START Material for the task

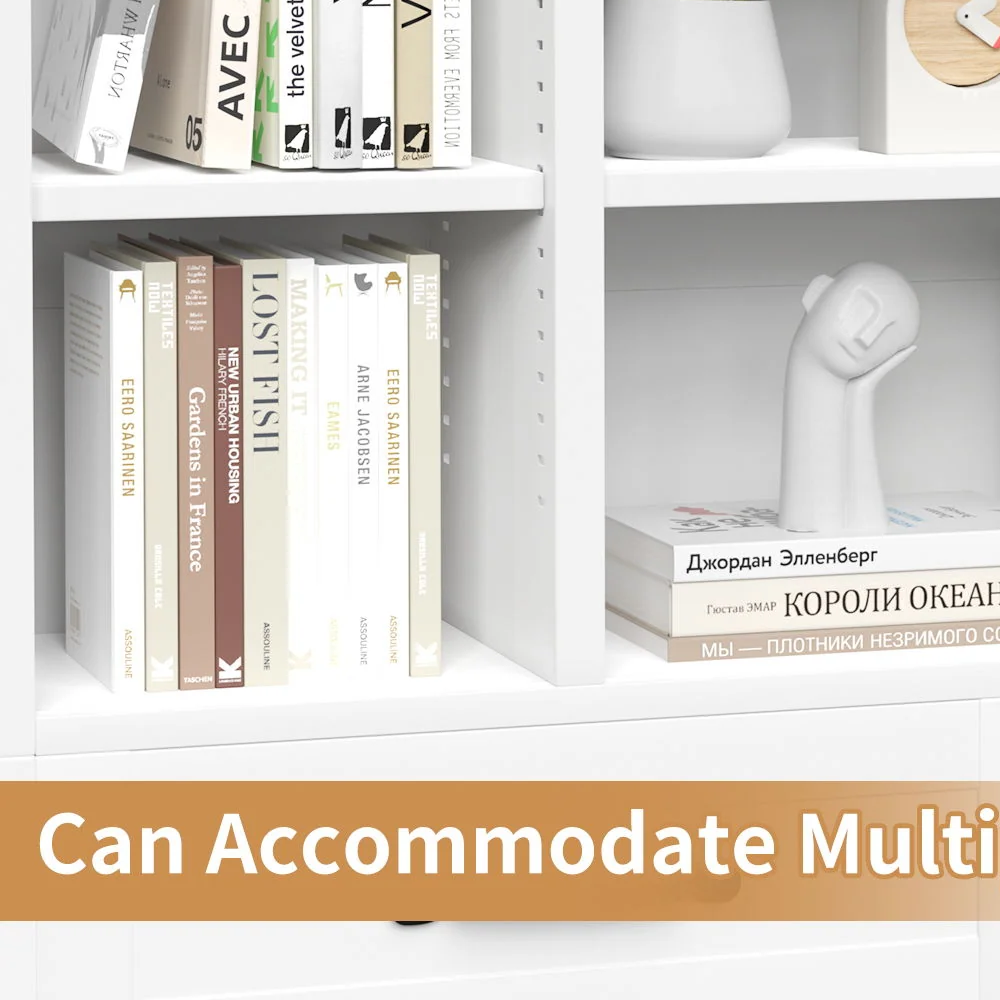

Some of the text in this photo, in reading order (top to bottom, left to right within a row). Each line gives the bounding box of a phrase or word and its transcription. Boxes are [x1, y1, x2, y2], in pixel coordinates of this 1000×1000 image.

[217, 13, 251, 121] AVEC
[286, 64, 305, 98] the
[185, 114, 203, 151] 05
[252, 273, 280, 453] LOST FISH
[228, 347, 240, 504] NEW URBAN HOUSING
[356, 365, 371, 485] ARNE JACOBSEN
[387, 369, 400, 485] EERO SAARINEN
[188, 386, 207, 572] Gardens in France
[686, 547, 879, 574] Джордан Элленберг
[706, 601, 777, 615] Гюстав ЭМАР
[784, 586, 901, 617] КОРОЛИ
[702, 642, 734, 658] МЫ
[767, 634, 865, 655] ПЛОТНИКИ
[870, 627, 978, 649] НЕЗРИМОГО

END Material for the task

Task to carry out » Write the entries above out again exactly, but not the pictures.

Answer for this exercise »
Some of the text in this photo, in reading order (top to bottom, left to right within a row). Each line gives the bounding box of a phrase or word and its transcription. Boxes are [x1, y1, x2, y2], in pixel coordinates of this 1000×1000 image.

[217, 13, 251, 121] AVEC
[286, 64, 305, 98] the
[185, 114, 203, 151] 05
[252, 273, 280, 453] LOST FISH
[228, 347, 240, 504] NEW URBAN HOUSING
[356, 365, 371, 485] ARNE JACOBSEN
[387, 369, 400, 485] EERO SAARINEN
[188, 386, 207, 572] Gardens in France
[686, 547, 879, 574] Джордан Элленберг
[706, 601, 777, 615] Гюстав ЭМАР
[784, 586, 901, 617] КОРОЛИ
[702, 642, 734, 658] МЫ
[767, 634, 865, 655] ПЛОТНИКИ
[870, 627, 978, 649] НЕЗРИМОГО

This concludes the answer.